Des scientifiques du CNRS et de l’université Grenoble Alpes ont découvert que l’injection d’une protéine modifiée de type « pseudo-prion »[1] permet de protéger contre la maladie d’Alzheimer. Leur étude effectuée chez la souris a été publiée dans la revue Molecular Psychiatry [2].
Une injection pour un effet pendant plusieurs mois
La maladie d’Alzheimer est une maladie neurodégénérative qui est due à des lésions causées par l’accumulation anormale de deux protéines, amyloïde-β et Tau, dans le cerveau. En modifiant les neurones et leurs synapses, elles conduisent, « à terme », à « l’incapacité de créer de nouveaux souvenirs ».

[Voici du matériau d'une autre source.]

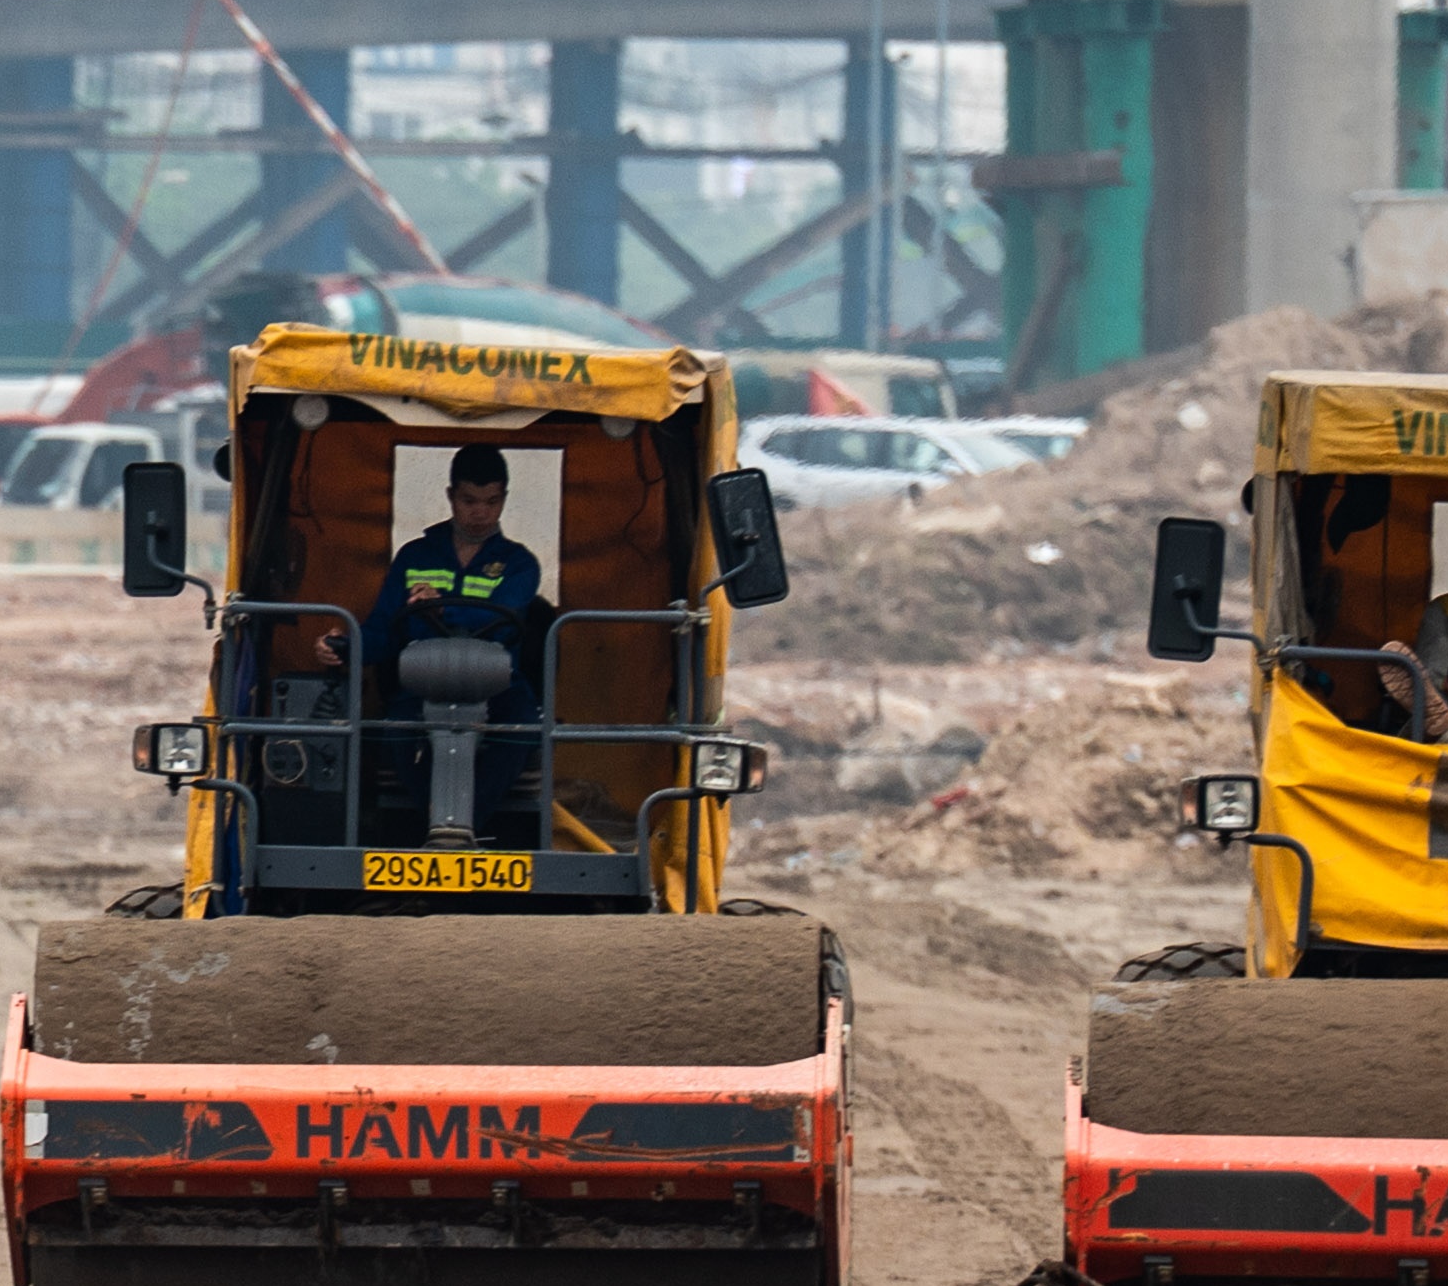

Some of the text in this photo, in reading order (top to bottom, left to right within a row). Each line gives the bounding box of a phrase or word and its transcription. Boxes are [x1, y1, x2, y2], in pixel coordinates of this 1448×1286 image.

[349, 333, 593, 385] VINACONEX
[368, 855, 528, 888] 29SA-1540
[296, 1104, 541, 1159] HAMM

L’injection d’une protéine amyloïde-β mutée, avec la mutation dite « islandaise »[3], dans l’hippocampe [4] de souris génétiquement modifiées pour « mimer la maladie d’Alzheimer », a permis de réduire l’inflammation, l’accumulation de protéines Tau, l’atteinte des connexions entre neurones et des troubles cognitifs, indique Marc Dhenain, chercheur au CNRS et au CEA.
Une seule administration s’est avérée suffisante pour obtenir une protection, observée pendant 9 mois jusqu’à présent.
Vers une nouvelle thérapie ?
Les chercheurs espèrent que ce résultat puisse être « le point de départ d’une nouvelle catégorie de thérapies préventives » administrées à un stade précoce.
Jacques Tremblay, chercheur à l’université Laval au Québec, avait déjà entamé des travaux pour mettre au point une thérapie génique qui, au moyen de l’outil d’édition génétique Crispr-Cas9, introduirait la mutation bénéfique « in situ », dans le génome des neurones.
Toutefois, l’injection dans l’hippocampe humain n’est « pas envisageable », estime le médecin et chercheur Philippe Amouyel, président de la fondation France Alzheimer. Selon lui, « il faudrait essayer de mimer cet effet avec de petites molécules », qui pourraient être « introduites dans le cerveau par des nanovecteurs ». De son côté, même s’il considère ces derniers résultats comme très intéressants, Frédéric Checler de Institut de pharmacologie moléculaire et cellulaire à Sophia Antipolis, rappelle que des effets cognitifs ont déjà pu être obtenus chez l’animal, sans être ensuite observés chez l’homme.
Complément du 25/06/2024 : Une étude menée par deCODE genetics et publiée dans le New England Journal of Medicine [5] est, selon ses auteurs, la première à mettre en évidence une forte composante récessive dans la maladie d’Alzheimer.
[1] « Les protéines prions anormales sont en général responsables de maladies neurodégénératives graves telles que la maladie de la vache folle ou la maladie de Creutzfeldt-Jakob. Leur forme normale est naturellement présente notre cerveau. Lorsqu’une protéine prion change de forme, elle devient anormale et les autres protéines alentours adoptent la même forme anormale, ce qui amplifie donc les processus en cours. La protéine amyloïde-β peut aussi avoir ce comportement, et est donc considérée comme un “pseudo-prion” ».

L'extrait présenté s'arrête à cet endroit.